I mean, the roadster has essentially become like a stock boost button.
David
Yeah.
Marques
When you need a boost, you just don't just talk about the roadster, just promise the roadster again. Just hit the button and then it'll be another year before anything happens and then they'll promise it again. And that's, that's the road this time.
David
Say it flies. Yeah, I mean they did say it flies. They literally said that many years ago.
Marques
As much as I'm rooting for it and I'm very excited for it, I have decided to stop thinking about it.
David
Yeah, you should just put it out here.
Marques
Head.
David
Yeah.
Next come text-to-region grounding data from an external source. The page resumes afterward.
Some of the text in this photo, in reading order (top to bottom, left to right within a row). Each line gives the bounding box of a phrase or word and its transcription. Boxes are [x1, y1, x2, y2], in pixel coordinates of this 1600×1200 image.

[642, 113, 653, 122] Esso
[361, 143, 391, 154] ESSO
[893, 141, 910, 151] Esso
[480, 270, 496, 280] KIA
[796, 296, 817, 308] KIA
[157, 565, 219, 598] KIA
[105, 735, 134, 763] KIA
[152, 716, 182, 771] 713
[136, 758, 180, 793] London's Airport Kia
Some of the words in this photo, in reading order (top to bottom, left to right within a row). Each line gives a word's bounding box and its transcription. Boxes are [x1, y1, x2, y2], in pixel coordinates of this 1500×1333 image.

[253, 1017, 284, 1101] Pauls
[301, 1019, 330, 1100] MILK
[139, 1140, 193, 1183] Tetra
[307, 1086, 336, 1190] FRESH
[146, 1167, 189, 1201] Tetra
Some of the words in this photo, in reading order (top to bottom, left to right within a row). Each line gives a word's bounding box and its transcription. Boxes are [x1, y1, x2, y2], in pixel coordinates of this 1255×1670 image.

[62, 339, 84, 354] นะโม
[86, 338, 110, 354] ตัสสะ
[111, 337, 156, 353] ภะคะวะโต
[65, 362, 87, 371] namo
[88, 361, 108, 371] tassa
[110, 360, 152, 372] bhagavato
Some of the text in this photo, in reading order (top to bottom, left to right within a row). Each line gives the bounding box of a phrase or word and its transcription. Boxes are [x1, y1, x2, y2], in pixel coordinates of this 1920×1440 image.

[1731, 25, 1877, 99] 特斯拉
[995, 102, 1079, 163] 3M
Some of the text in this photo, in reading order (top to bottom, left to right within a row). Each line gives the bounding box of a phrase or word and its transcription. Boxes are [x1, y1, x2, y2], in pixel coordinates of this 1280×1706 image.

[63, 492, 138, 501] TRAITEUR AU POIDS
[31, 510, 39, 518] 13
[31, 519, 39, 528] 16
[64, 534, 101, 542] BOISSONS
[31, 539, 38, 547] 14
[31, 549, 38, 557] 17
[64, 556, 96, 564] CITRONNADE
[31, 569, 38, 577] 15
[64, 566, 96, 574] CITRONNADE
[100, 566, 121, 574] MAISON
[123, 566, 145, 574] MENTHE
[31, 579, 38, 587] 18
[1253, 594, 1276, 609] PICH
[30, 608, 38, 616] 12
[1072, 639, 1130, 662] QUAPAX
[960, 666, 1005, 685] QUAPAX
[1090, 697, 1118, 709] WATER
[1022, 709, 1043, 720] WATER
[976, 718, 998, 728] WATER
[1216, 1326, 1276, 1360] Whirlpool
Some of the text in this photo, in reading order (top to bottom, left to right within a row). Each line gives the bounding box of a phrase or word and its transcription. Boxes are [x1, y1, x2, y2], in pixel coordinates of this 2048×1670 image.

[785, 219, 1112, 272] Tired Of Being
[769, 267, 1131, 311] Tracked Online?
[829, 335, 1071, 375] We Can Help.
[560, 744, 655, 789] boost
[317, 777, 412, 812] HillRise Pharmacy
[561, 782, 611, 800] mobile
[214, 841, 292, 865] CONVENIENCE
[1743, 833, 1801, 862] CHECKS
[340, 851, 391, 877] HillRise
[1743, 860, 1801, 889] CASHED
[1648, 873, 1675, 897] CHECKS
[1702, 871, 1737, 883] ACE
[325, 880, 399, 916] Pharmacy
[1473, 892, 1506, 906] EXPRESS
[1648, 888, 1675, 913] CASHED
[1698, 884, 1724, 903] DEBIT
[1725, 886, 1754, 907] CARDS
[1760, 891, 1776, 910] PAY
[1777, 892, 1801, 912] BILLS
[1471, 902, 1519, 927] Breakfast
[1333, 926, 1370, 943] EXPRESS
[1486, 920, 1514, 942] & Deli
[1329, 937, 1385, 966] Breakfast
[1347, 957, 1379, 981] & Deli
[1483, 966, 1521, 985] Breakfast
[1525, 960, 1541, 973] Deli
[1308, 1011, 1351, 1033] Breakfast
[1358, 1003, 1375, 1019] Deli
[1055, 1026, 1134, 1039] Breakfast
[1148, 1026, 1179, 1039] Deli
Well, speaking of things that we'll stop thinking about directly after the podcast, the answers to these trivia questions.
Marques
I don't know about you, but I'm gonna think about these for a long time.
David
These trivia questions.
Marques
Yeah, forever.
Adam
Do you guys want the Fitbit question or the Ferrari question?
David
Fitbit.
Andrew
Fitbit.
Adam
Ferrari outvoted Marques.
Marques
Sorry, can I at least hear it later?
Adam
Sure, sure. I'll pull you aside and I'll tell you it later.
Marques
Great.
Adam
All right, so here is the Fitbit question. The first wrist based Fitbit was called what Ferrari question.
Marques
I think we just got out voted. Let's go. The first one. Wow.
Andrew
First Fitbit history.
Adam
The first wrist based Fitbit.
Marques
Wrist based Fitbit kind of implies that there was an earlier Fitbit that was like underwear based.
Adam
No, like the pedometer one that David always brings things up.
David
Don't you put in your shoe? Yeah, yeah. When I worked at intel, everyone used that one. They were doing step goal challenges.
Marques
It had a name. Huh.
David
Not doing any work. Nobody at intel did any work, I swear to God.
Marques
Do they do work now?
David
Probably not. Dang, they're fun.
Adam
They're 10 owned by the government, so
Guest
they're too busy swimming in that China Lake or whatever.
David
China Lake?
Guest
Is that the name of their flag? Oh, it's Silver uk. Is it really not?
David
Oh, you mean like. Oh, the. Yeah, okay. Meteor Lake. That kind of stuff. I don't think they had China Lake.
Guest
T Lake is a place near where you grew up. That's where I. I got it mixed up.
David
Yeah.
Marques
Anyway, we'll think about this.
Andrew
Thank you so much, Marcus.
Marques
We'll get to the answers at the end. We'll be right back.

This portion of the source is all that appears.